A peine eut-elle prononcé cette phrase que Luce fut repoussée, comme si elle venait de dire la chose à ne surtout pas dire.
— Je peux pas.
— Qu-quoi ? bégaya la jeune femme, perdue. Qu'est-ce qu'il y a ?
— Je peux pas Luce. Je... je ne veux pas être imprévisible. Je ne veux pas te faire courir un risque.
La brune resta sans voix. Que se passait-il ? Depuis quand Ange avait fait des pas en arrière alors qu'elle avait fait plusieurs avancées ?
— Mais qu'est-ce que tu racontes ?
— Je te désire Luce, depuis le premier jour que je t'ai vue. Mais je ne sais pas comment je peux réagir. La dernière fois que j'ai été écrasé par mes émotions, j'ai tabassé un mec à mort.
Si la jeune femme crut qu'Ange faisait référence à son ex beau-frère, elle finit par se rendre compte qu'elle avait tort :
— C'était lui ou moi, et je ne voulais pas passer ma vie à être défoncé à cause d'un mec qui avait des besoins sexuels à assouvir.
— Mais... de qui est-ce que...
Luce comprit. La prison. Un passé dont Ange lui avait vaguement parlé mais qui semblait être bien plus sombre encore...

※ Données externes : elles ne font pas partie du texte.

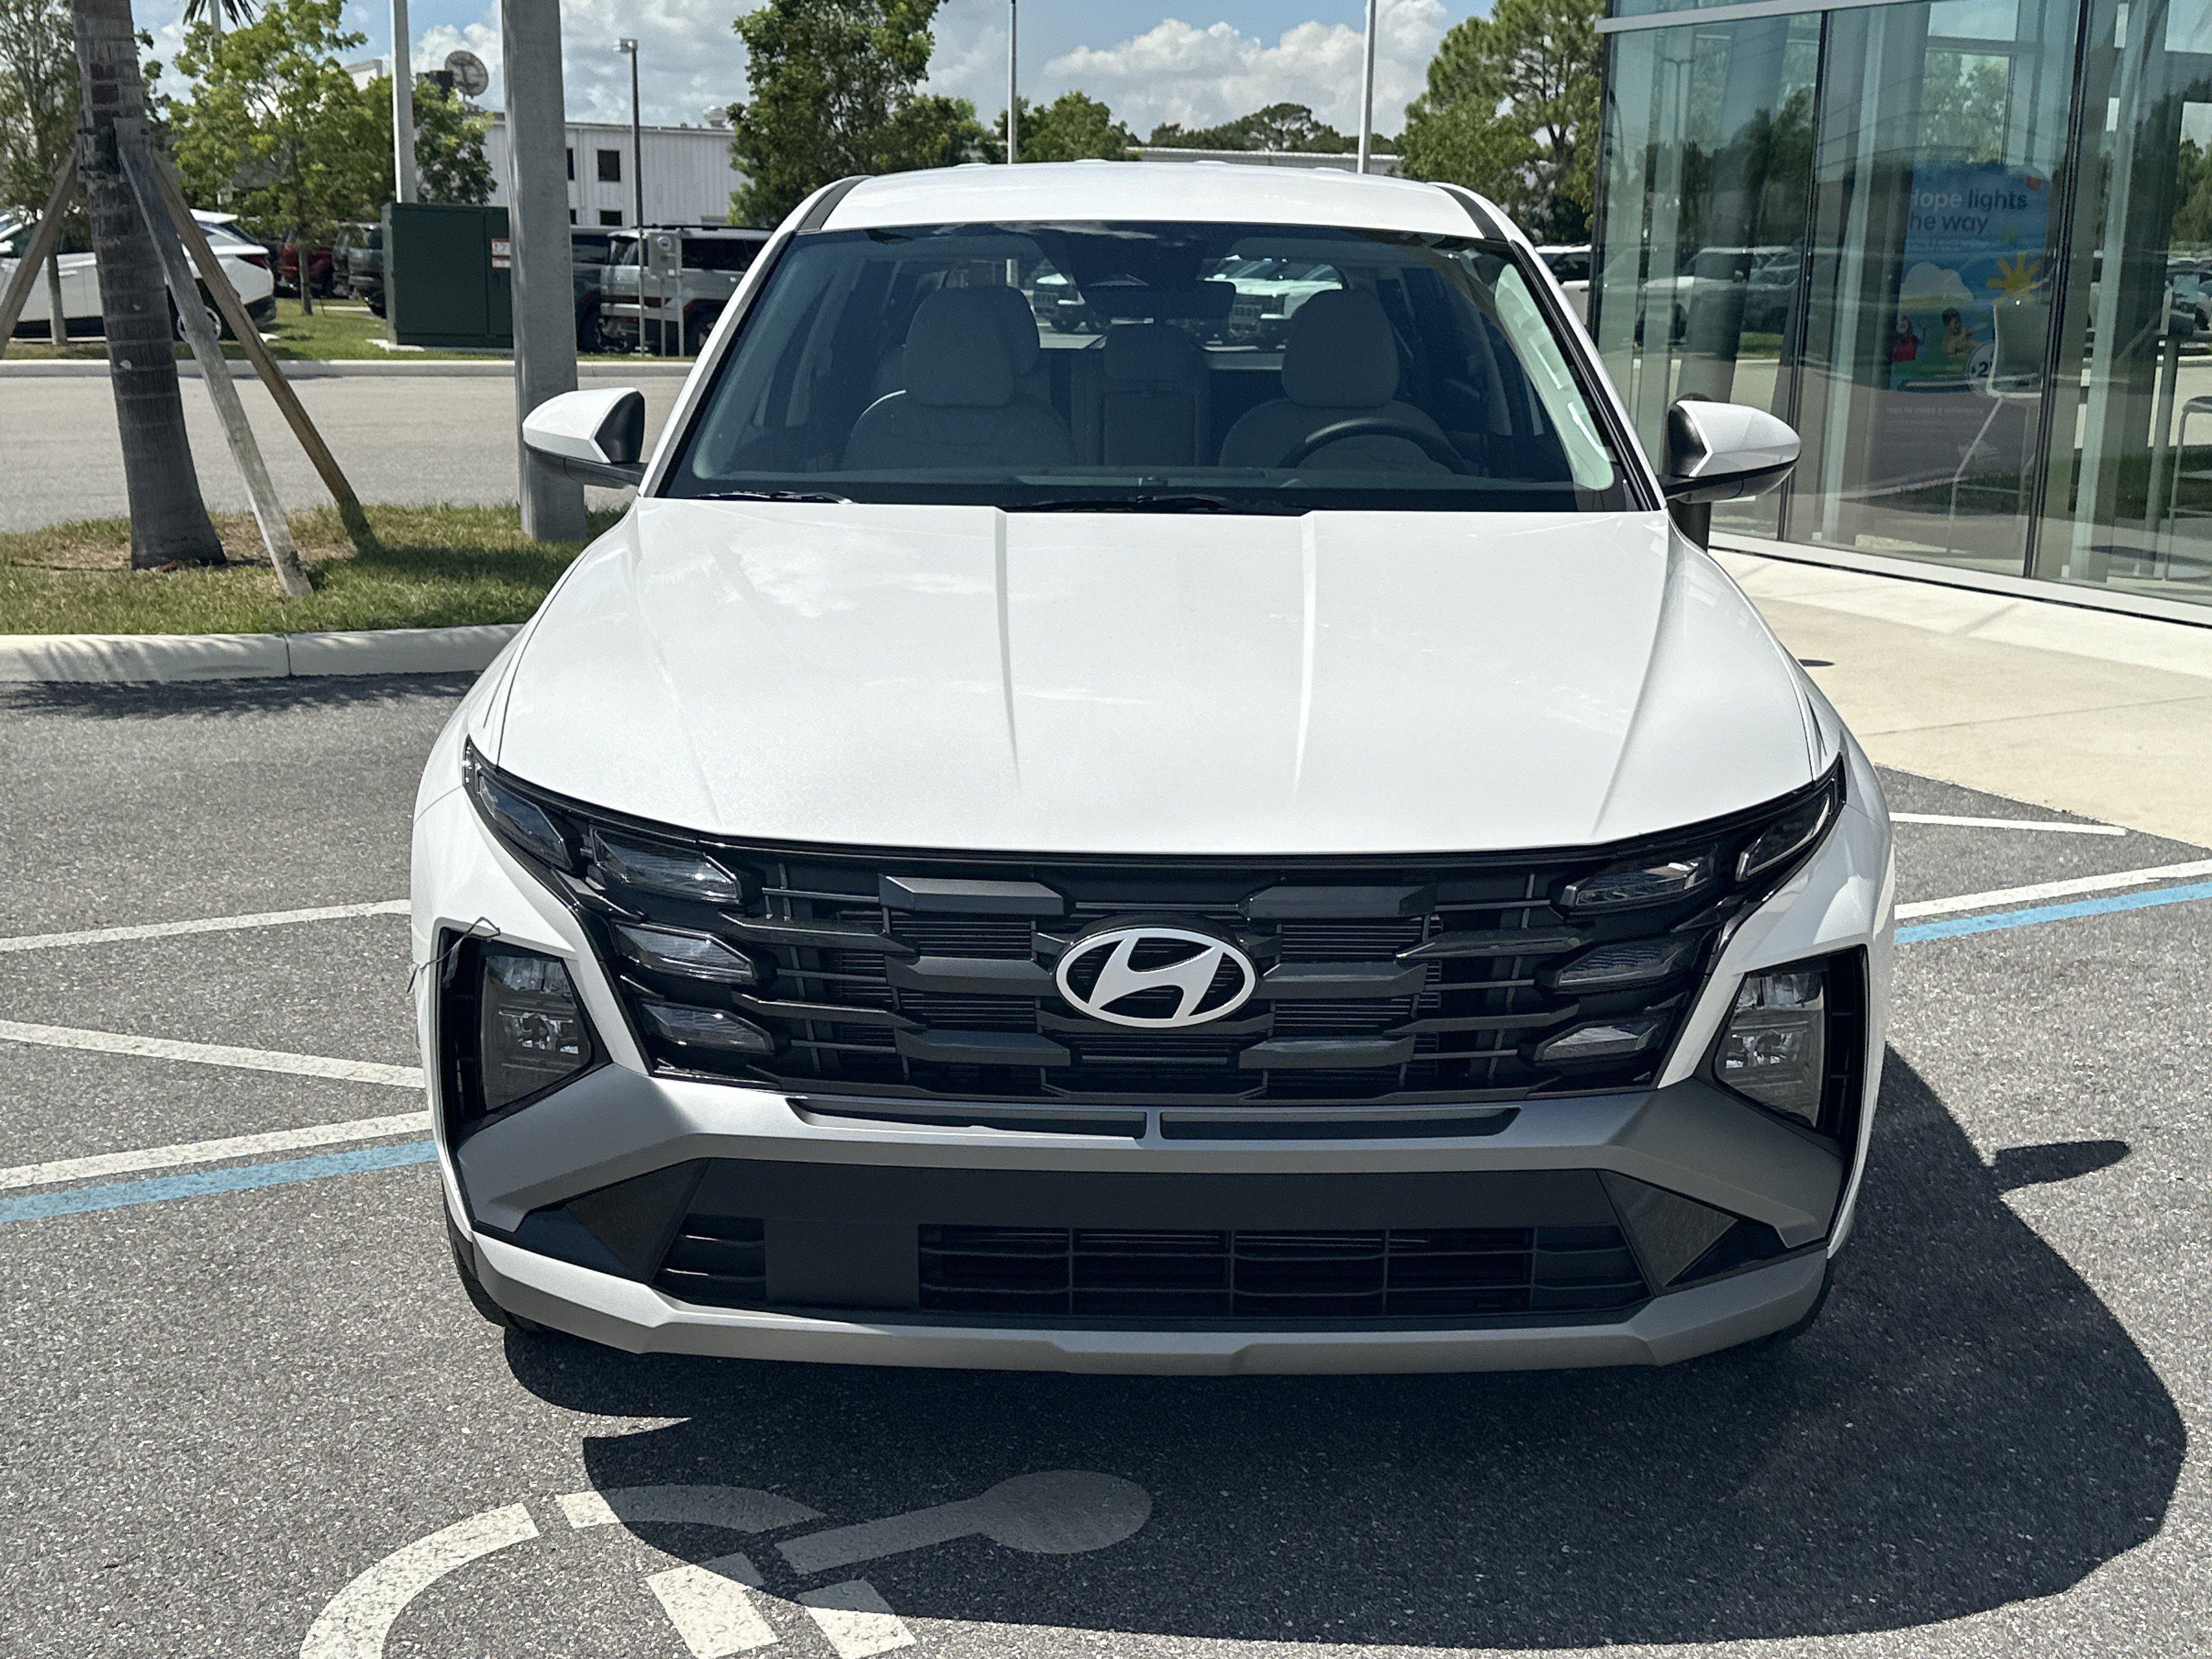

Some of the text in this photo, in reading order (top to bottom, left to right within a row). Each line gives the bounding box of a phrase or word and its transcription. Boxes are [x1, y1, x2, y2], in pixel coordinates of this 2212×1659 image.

[1968, 188, 2028, 211] lights
[1909, 211, 1990, 235] he way

— Ange, je ne suis pas ton ex beau-frère, ou ce gars. Et je ne suis pas non plus...
Elle eut envie de parler de celle qui lui avait brisé le cœur autrefois, puis qu'il avait fini par expliquer un peu l'histoire, bien qu'il était resté assez vague. Mais elle jugea que cela faisait peut-être déjà trop.
— Je sais, mais je n'ai pas ressenti un tel degré d'émotion depuis très longtemps et je ne te garantis pas que...
Luce ne le laissa pas finir sa phrase car son doigt se posa sur ses lèvres.
— D'accord, pas ce soir.
— Merci.
— Par contre, je vais rester dans tes bras, pour le moment.
Ange s'apprêtait à demander pourquoi, lorsqu'il se rendit compte que collée comme ça, la jeune femme avait dû sentir à quel point elle lui avait fait de l'effet. Et si elle, ne voyait pas, les quelques clients du bar eux, auraient pu le remarquer.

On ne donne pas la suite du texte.